* [EXERCISE BRIEF]:
Reproduce the records below exactly, leaving their images out.

* [RECORD EXCERPTS]:
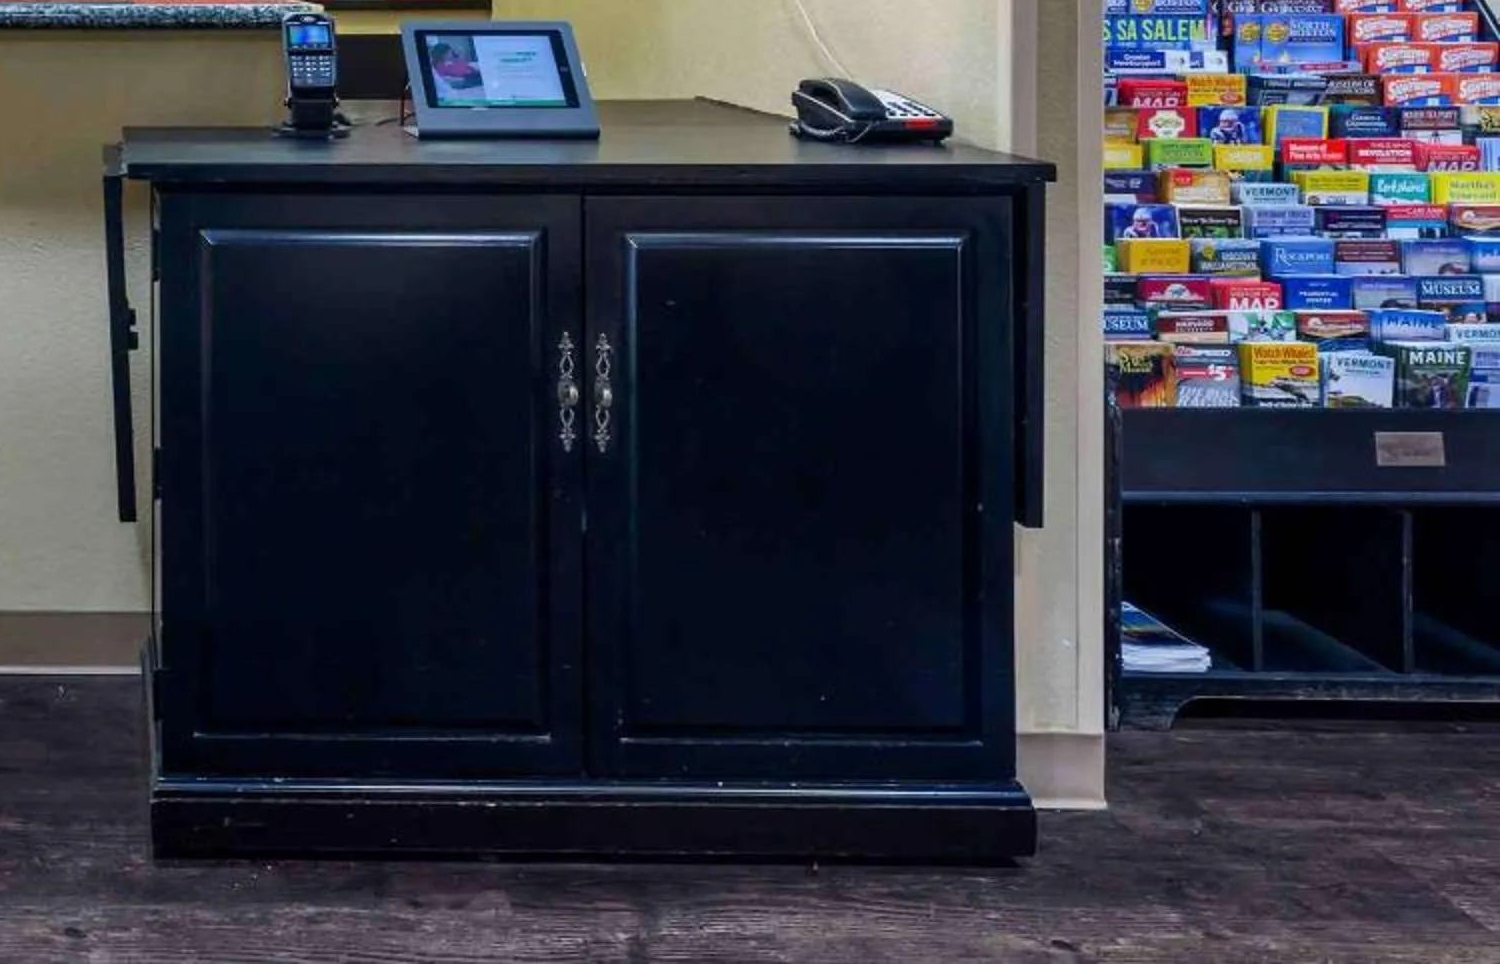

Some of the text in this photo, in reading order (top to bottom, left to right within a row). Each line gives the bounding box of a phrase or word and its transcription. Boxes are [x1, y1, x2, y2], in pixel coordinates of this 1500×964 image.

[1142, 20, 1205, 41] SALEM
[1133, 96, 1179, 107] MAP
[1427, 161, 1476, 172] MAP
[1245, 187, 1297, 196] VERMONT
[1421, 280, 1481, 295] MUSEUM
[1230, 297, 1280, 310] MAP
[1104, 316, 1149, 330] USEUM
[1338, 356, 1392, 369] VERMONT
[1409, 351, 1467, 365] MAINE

* [SOLUTION TO THIS PROBLEM]:
Some of the text in this photo, in reading order (top to bottom, left to right within a row). Each line gives the bounding box of a phrase or word and its transcription. Boxes are [x1, y1, x2, y2], in pixel coordinates of this 1500×964 image.

[1142, 20, 1205, 41] SALEM
[1133, 96, 1179, 107] MAP
[1427, 161, 1476, 172] MAP
[1245, 187, 1297, 196] VERMONT
[1421, 280, 1481, 295] MUSEUM
[1230, 297, 1280, 310] MAP
[1104, 316, 1149, 330] USEUM
[1338, 356, 1392, 369] VERMONT
[1409, 351, 1467, 365] MAINE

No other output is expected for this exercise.